UNITED STATES DISTRICT COURT CENTRAL DISTRICT OF CALIFORNIA
Nov 9, 2015
No. CR 06-876 PA (C.D. Cal. Nov. 9, 2015)

Opinion

No. CR 06-876 PA

11-09-2015

UNITED STATES OF AMERICA, Plaintiff, v. ARNULFO ARAIZA, Defendant.


COURT'S FINDINGS OF FACT AND CONCLUSIONS OF LAW RE DEFENDANT'S MOTION TO DISMISS INDICTMENT FOR POST-INDICTMENT DELAY

This matter is before the Court on Defendant Arnulfo Araiza's Motion to Dismiss the Indictment for Post-Indictment Delay. After fully reviewing the evidence and the parties' arguments, the Court makes the following findings of fact and conclusions of law. Any finding of fact that constitutes a conclusion of law is hereby adopted as a conclusion of law, and any conclusion of law that constitutes a finding of fact is hereby adopted as a finding of fact.

1. On November 29, 2006, defendant Arnulfo Araiza ("defendant") was charged in a single-count indictment with making a false statement in a passport application in violation of 18 U.S.C. § 1542.

2. On or about January 11, 2006, defendant submitted a passport application under penalty of perjury at a United States Post Office in Bellflower, California. Defendant submitted the Passport Application under the name "Agustin Jesus Rodriguez."

3. In the passport application, defendant further indicated that: (a) his date of birth was September 26, 1982; (b) he was born in Torrance, California; (c) his social security number was a number ending in 8626; and (d) that he had never used another name. (Id.) In fact, defendant's true name is Arnulfo Araiza.

4. Defendant was born in Mexico on or about October 31, 1984, and defendant is not a United States Citizen.

5. On November 29, 2006, a federal grand jury returned an indictment charging defendant with making a false statement in a passport application in violation of 15 U.S.C. § 1542. On November 29, 2006, an arrest warrant was issued for defendant.

6. On December 10, 2006, agents from the Los Angeles Field Office ("LAFO") of Diplomatic Security Service ("DSS") attempted to serve defendant with the arrest warrant at his last known address. Defendant's sister, his sister's husband or boyfriend, and several children were present at the residence. The DSS agents informed the individuals who were present that there was a warrant for defendant's arrest, after which they searched the residence and determined that defendant was not present.

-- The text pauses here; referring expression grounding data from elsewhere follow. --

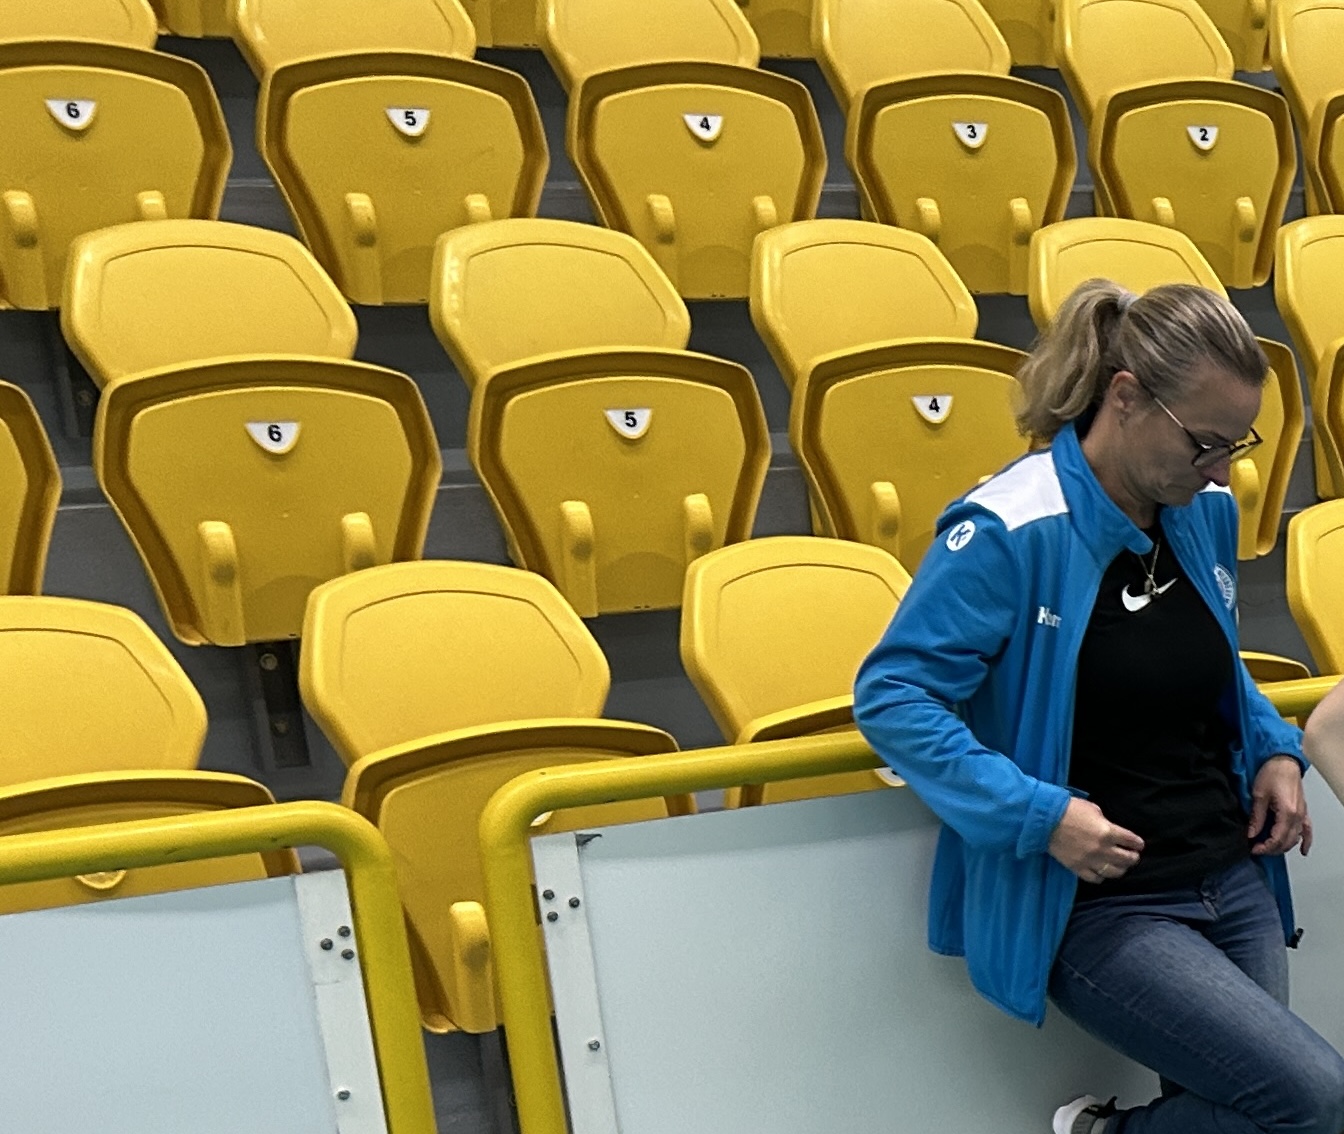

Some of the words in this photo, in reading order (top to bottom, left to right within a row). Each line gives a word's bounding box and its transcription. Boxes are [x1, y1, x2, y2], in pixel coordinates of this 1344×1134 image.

[66, 102, 80, 119] 6
[404, 110, 417, 127] 5
[699, 116, 711, 131] 4
[966, 124, 977, 139] 3
[1199, 127, 1209, 142] 2
[928, 397, 941, 413] 4
[624, 411, 637, 428] 5
[267, 424, 282, 443] 6

7. On December 20, 2006, a press release was issued by the United States Attorney's Office. The press release stated that, "Mexican citizen Arnulfo Araiza was indicted in late November for allegedly applying for a passport in the identity of a deceased U.S. citizen. Araiza, 24, of Long Beach, is a fugitive being sought by authorities." On December 21, 2006, Defendant's arrest warrant was entered into government databases.

8. In April 2007, Special Agent Karen Riley updated defendant's arrest warrant by checking law enforcement databases; updated his criminal history; checked California Department of Motor Vehicle Records ("DMV") and commercial databases, such as LexisNexis Accurint and Thomson-Reuters CLEAR.

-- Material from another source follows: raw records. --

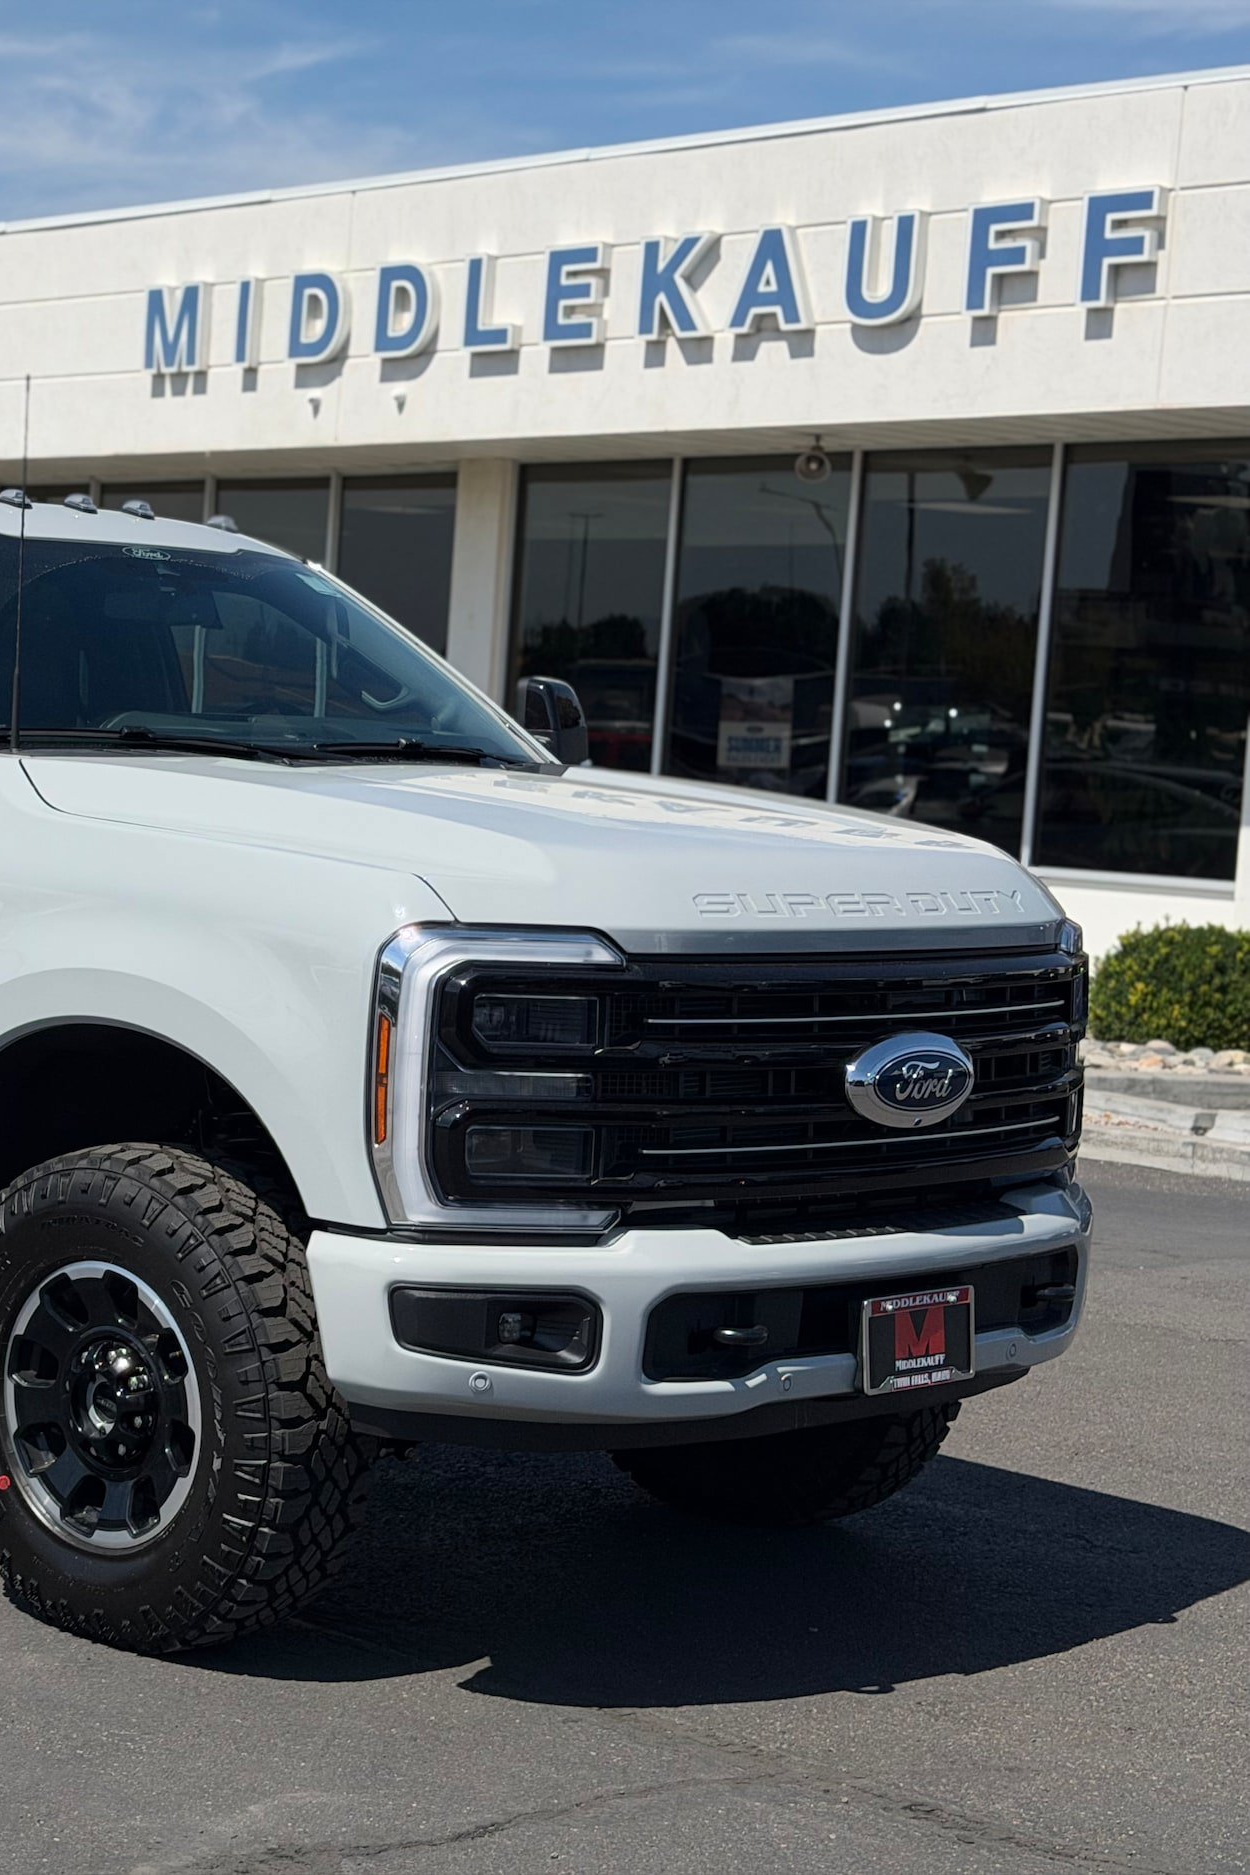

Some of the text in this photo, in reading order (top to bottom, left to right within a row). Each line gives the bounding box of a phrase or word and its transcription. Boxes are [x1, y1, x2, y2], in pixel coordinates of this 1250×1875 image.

[143, 187, 1164, 373] MIDDLEKAUFF
[692, 889, 1026, 918] SUPER DUTY
[895, 1061, 952, 1101] Ford
[894, 1305, 945, 1360] M
[895, 1353, 946, 1372] MIDDLEKAUFF

9. On February 26, 2008, Customs and Border Patrol ("CBP") in San Diego came into contact with defendant at the San Diego port of entry as defendant was attempting to enter the United States. Although CBP officials contacted Special Agent Riley to notify her that they had defendant, the call failed due to poor cellular telephone reception. Special Agent Riley was unable to reconnect with the Border Patrol officials, and defendant was released several hours later. Defendant voluntarily returned to Mexico.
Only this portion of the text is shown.